OBSERVAÇÃO: Há evidente analogia entre estes fatos e os do Espírito batedor de Bergzabern e de Dibbelsdorf, referidos na Revista espírita de maio, junho, julho e agosto de 1885, salvo que, neste, o Espírito nada tinha de malévolo. São constatados por um homem cujo caráter não pode ser suspeito, e que não observou levianamente. Se, como pretendem certas pessoas, só o diabo se manifesta, como viria junto a uma moça em odor de santidade? Ora, é de notar que esta nem era apavorada nem atormentada; ela própria sabia e as experiências constataram, que era uma alma sofredora, Se não é o diabo, então outros Espíritos podem manifestar-se?
Duas circunstâncias têm uma analogia particular com o que hoje vemos. É, para começar, o primeiro pensamento que haja trapaça da parte da pessoa junto à qual se produzem os fenômenos, mau grado as impossibilidades materiais que, às vezes, existem. Na situação física e moral dessa moça, não se compreende que a suspeita de um jogo tenha podido entrar no espírito das outras religiosas.
O segundo fato é mais importante. Se alguns dos fenômenos ocorreram à vista de pessoas presentes, na maioria se produziam quando estavam ao quarto ao lado, quando de costas e na ausência de luz direta, como muitas vezes se tem observado em nossos dias. A que se deve isto?

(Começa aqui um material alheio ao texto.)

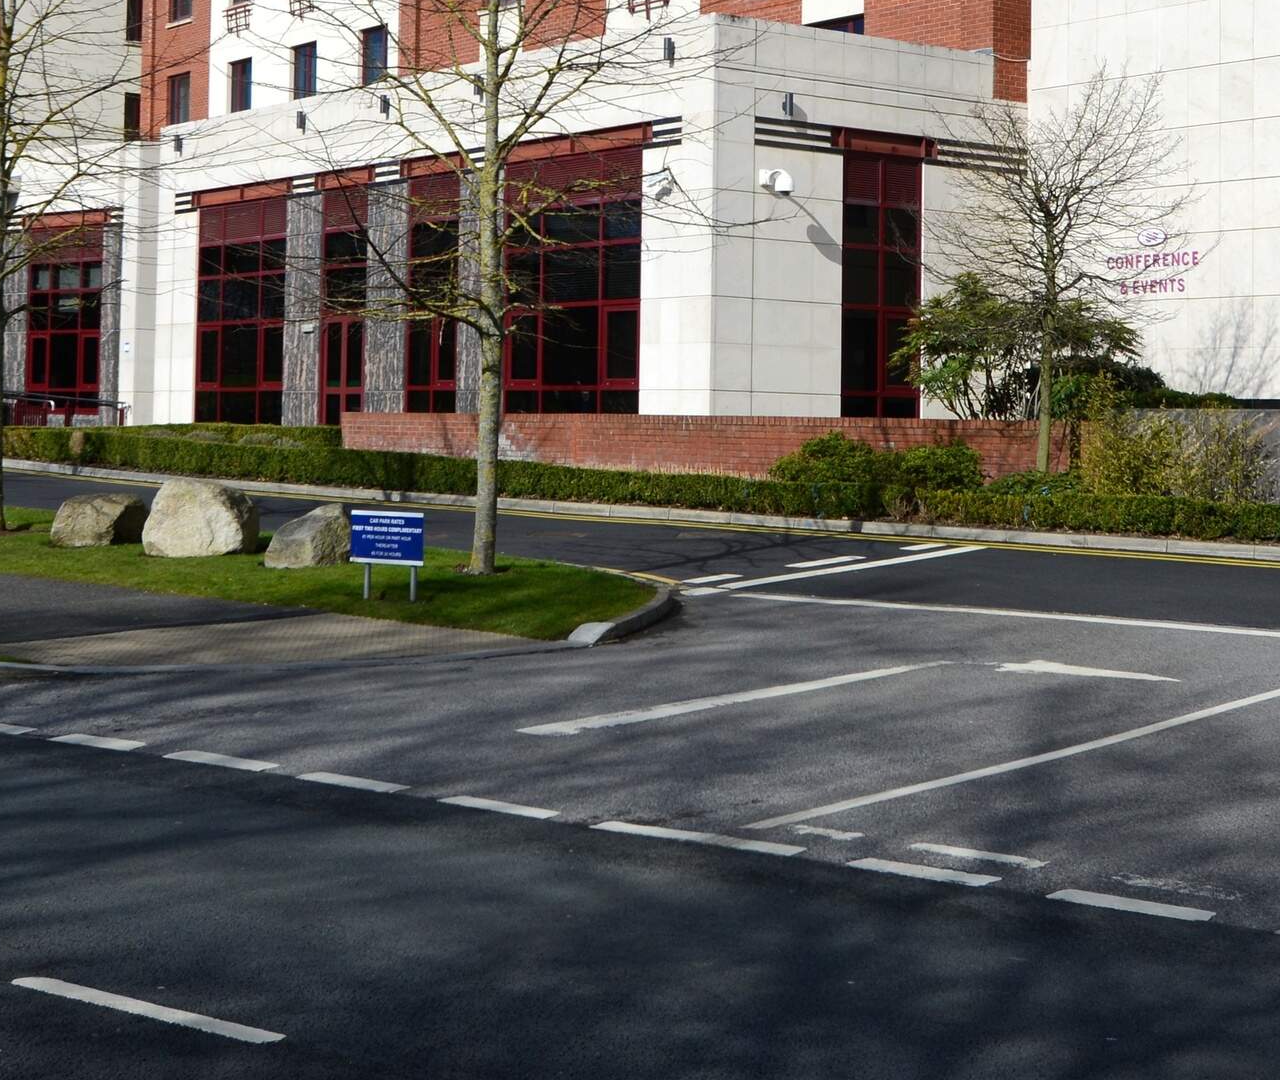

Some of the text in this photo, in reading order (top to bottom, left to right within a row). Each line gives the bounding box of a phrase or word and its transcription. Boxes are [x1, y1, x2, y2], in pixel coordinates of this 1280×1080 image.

[1107, 251, 1199, 270] CONFERENCE
[1120, 278, 1185, 295] & EVENTS

É o que não está ainda suficientemente explicado. Tendo esses fenômenos uma causa material, e não sobrenatural, poderia acontecer que, como em certas operações químicas, a luz difusa fosse mais favorável à ação dos fluidos de que se serve o Espírito. A física espiritual ainda está na infância.

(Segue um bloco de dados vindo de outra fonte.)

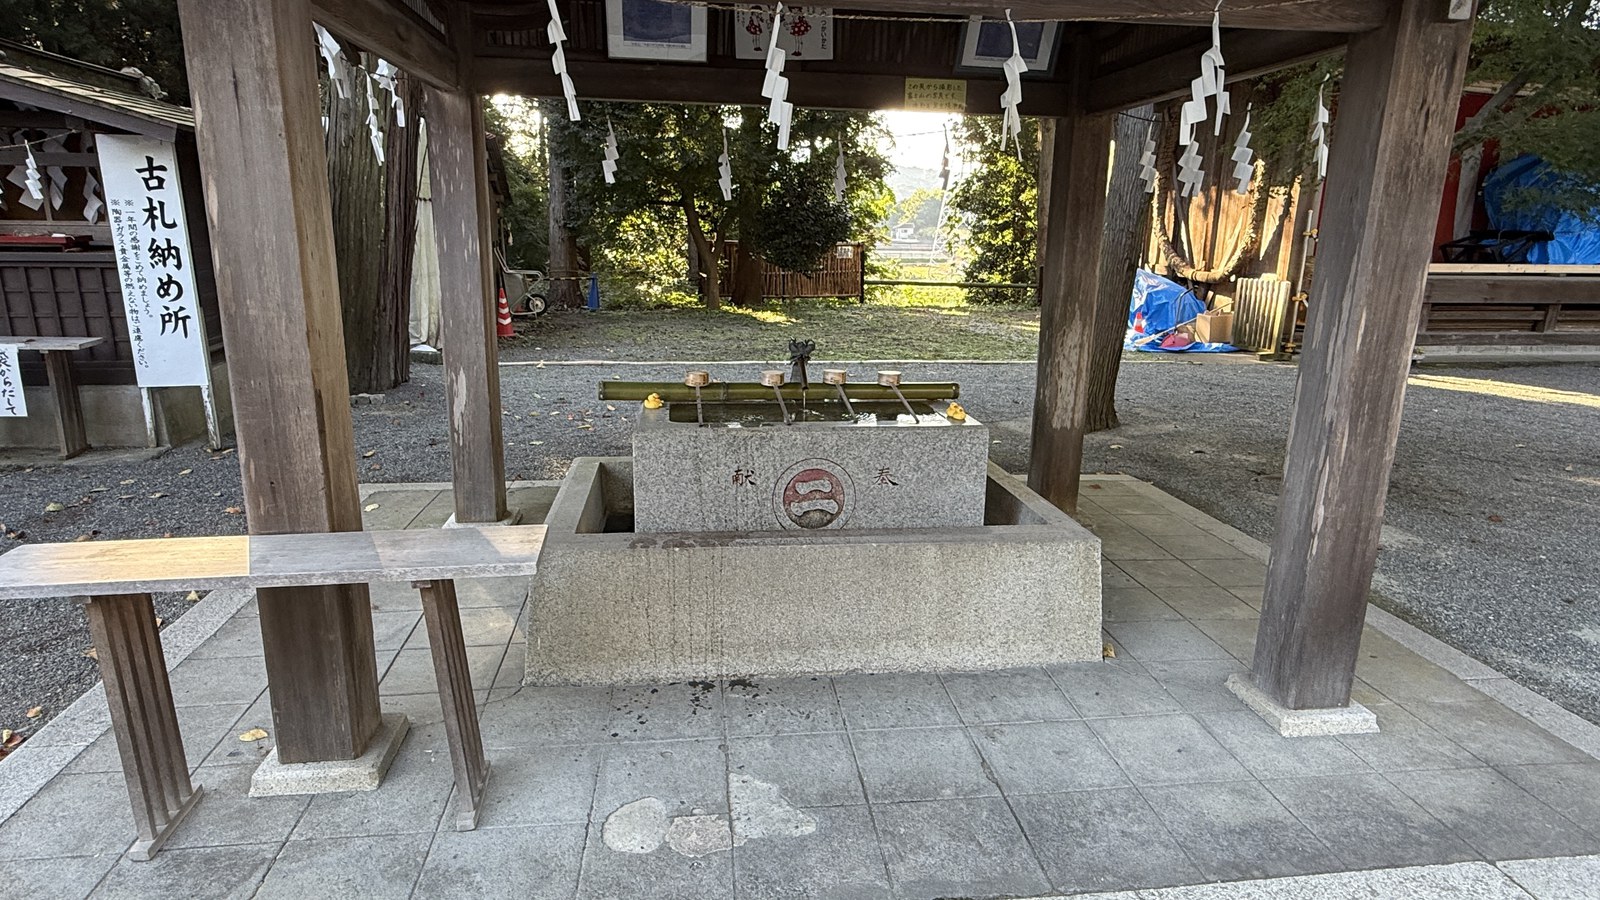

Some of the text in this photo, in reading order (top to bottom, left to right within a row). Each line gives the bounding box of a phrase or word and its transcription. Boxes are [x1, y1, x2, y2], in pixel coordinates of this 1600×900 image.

[135, 155, 191, 339] 古札納め所

“Em Viviers, neste 10 de abril de 1741.
“Ninguém no mundo, meu caro de Noailles, melhor do que eu vos pode informar de tudo quanto se passou na cela da Irmã Maria, e se a descrição que fizestes nos meteu a ridículo em nossa cidade, quero partilhá-lo convosco. A força da verdade vencerá sempre em mim o medo de passar por um visionário e um homem demasiado crédulo.
“Eis, pois, um resumo de tudo o que vi e ouvi durante quatro noites que ali passei, e comigo mais de quarenta pessoas, todas dignas de fé. Só vos relatarei os fatos mais notáveis.
“A 23 de março, dia da Anunciação, eu soube, pela voz pública, que há três dias ouviam-se, todas as noites, grandes ruídos na cela da Irmã Maria; que as duas Irmãs de São Domingos, que moram com ela, tinham ficado tão apavoradas que tinham mandado chamar o Pe. Chambon, cura de Saint-Laurent, o qual, tendo vindo, uma hora depois de meia noite àquela cela, tinha ouvido os quadros batendo nas paredes, uma pia de água benta, de louça, mover-se com ruído e uma cadeira de madeira posta no meio da cela cair seis vezes. Confesso, senhor, que ao ouvir isto, não deixei de fazer troça; as devotas de todos os tipos sujeitaram-se à minha crítica, e desde então resolvi ir passar a noite seguinte junto a essa Irmã Maria, bem persuadido de que em minha presença tudo ficaria no silêncio, ou que eu descobriria a impostura. Com efeito, naquele dia, às nove horas da noite, fui para aquela casa. Interroguei muitas Irmãs, sobretudo a Irmã Maria, que me pareceu instruída da causa de todos esse ruídos, mas não nos quis comunicar. Então fiz uma busca muito cuidadosa em seu quarto. Olhei por cima e por baixo da cama, as paredes, os quadros. Tudo foi examinado com muito cuidado e nada tendo descoberto que pudesse ocasionar todos esses ruídos, determinei que todos saíssem do quarto, com ordem de que ninguém entrasse senão eu. Instalei-me perto da lareira, no quarto vizinho; deixei a porta da cela aberta, e na soleira da porta coloquei uma vela, de modo que eu via, do meu posto, a um passo do leito, a cadeira que eu havia ali colocado, e quase que toda a cela. Às 10 horas os Srs. d’Entrevaux e Archambaud vieram juntar-se a mim, e com eles dois artífices de nossa cidade.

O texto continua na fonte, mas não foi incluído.